El encuentro tuvo como eje recordar a los 270 sampedrinos que perdieron la vida a causa del virus, según los registros hasta marzo de 2022. La iniciativa fue impulsada de manera independiente por Sofía Alcón, junto a Fabiana Velo y Vanesa Alfonso, quienes lograron transformar una idea nacida desde lo personal en un acto colectivo de memoria.
El inicio de la ceremonia estuvo marcado por una intervención artística de fuerte carga simbólica: Sol Altolaguirre y sus alumnas ofrecieron una interpretación de danza clásica que dio paso a uno de los momentos más impactantes de la noche. La recreación sonora de aquellos primeros días de la pandemia, con la voz del entonces presidente anunciando el aislamiento obligatorio, generó un clima de profunda conmoción, remitiendo a un tiempo en el que la incertidumbre comenzaba a atravesar la vida de todos.
La música ocupó un lugar central a lo largo de la jornada, con las presentaciones de Sara Ortega, Juan Basualto y un ensamble integrado por Daniel Cabrera, Paula Millán, Carlos Blanco y Nicolás Sánchez, entre otros artistas locales que acompañaron el homenaje.
También se sumaron palabras que invitaron a la reflexión. En uno de los pasajes más sentidos, se realizó un reconocimiento al personal de salud y a los trabajadores esenciales, con intervenciones del Dr. Carlos Gutiérrez y del oficial de Bomberos Voluntarios Jonathan Giovanettoni, quienes evocaron los desafíos atravesados en los momentos más críticos.
La emotividad se profundizó con testimonios que reflejaron en primera persona el impacto de la pandemia. Marina Romañano compartió su experiencia tras haber contraído la enfermedad, mientras que familiares de Roberto Clapich y Mirta Sallustio recordaron a sus seres queridos, poniendo en palabras el dolor y la necesidad de mantener viva su memoria. Luego el descubrimiento de una placa conmemorativa, diseñada por María Luz Méndez, Pamela Laiseca y Andrés Pereyra.

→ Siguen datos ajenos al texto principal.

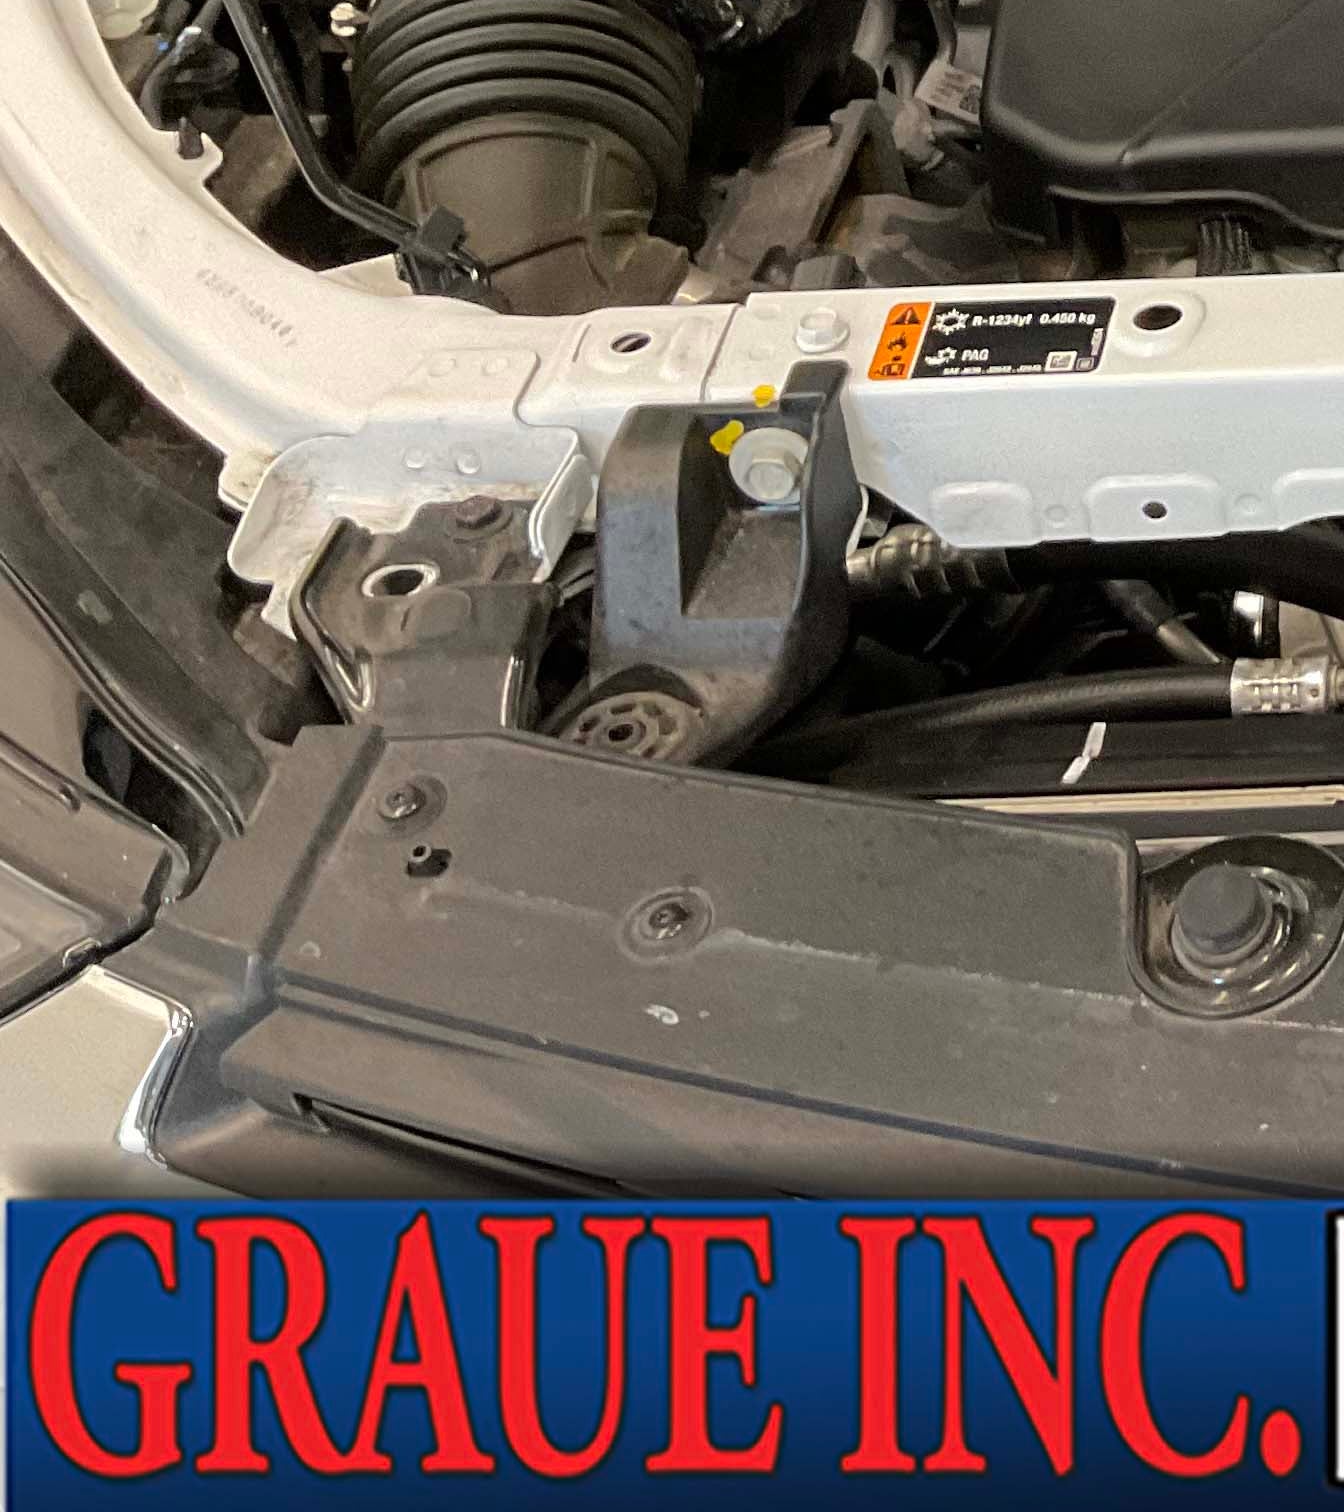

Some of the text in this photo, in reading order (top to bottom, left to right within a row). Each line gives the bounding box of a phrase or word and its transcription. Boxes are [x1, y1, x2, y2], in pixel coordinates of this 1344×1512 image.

[972, 313, 1033, 328] R-1234yf
[1078, 311, 1096, 327] kg
[961, 348, 990, 362] PAG

La inscripción resume el espíritu del homenaje:
“Aunque ya no caminen entre nosotros, nos acompañan en cada momento de nuestra vida. Siempre serán parte de quienes somos.”
Una frase que sintetiza el sentido profundo de la jornada: recordar, honrar y sostener en la memoria a quienes dejaron una huella imborrable en la comunidad.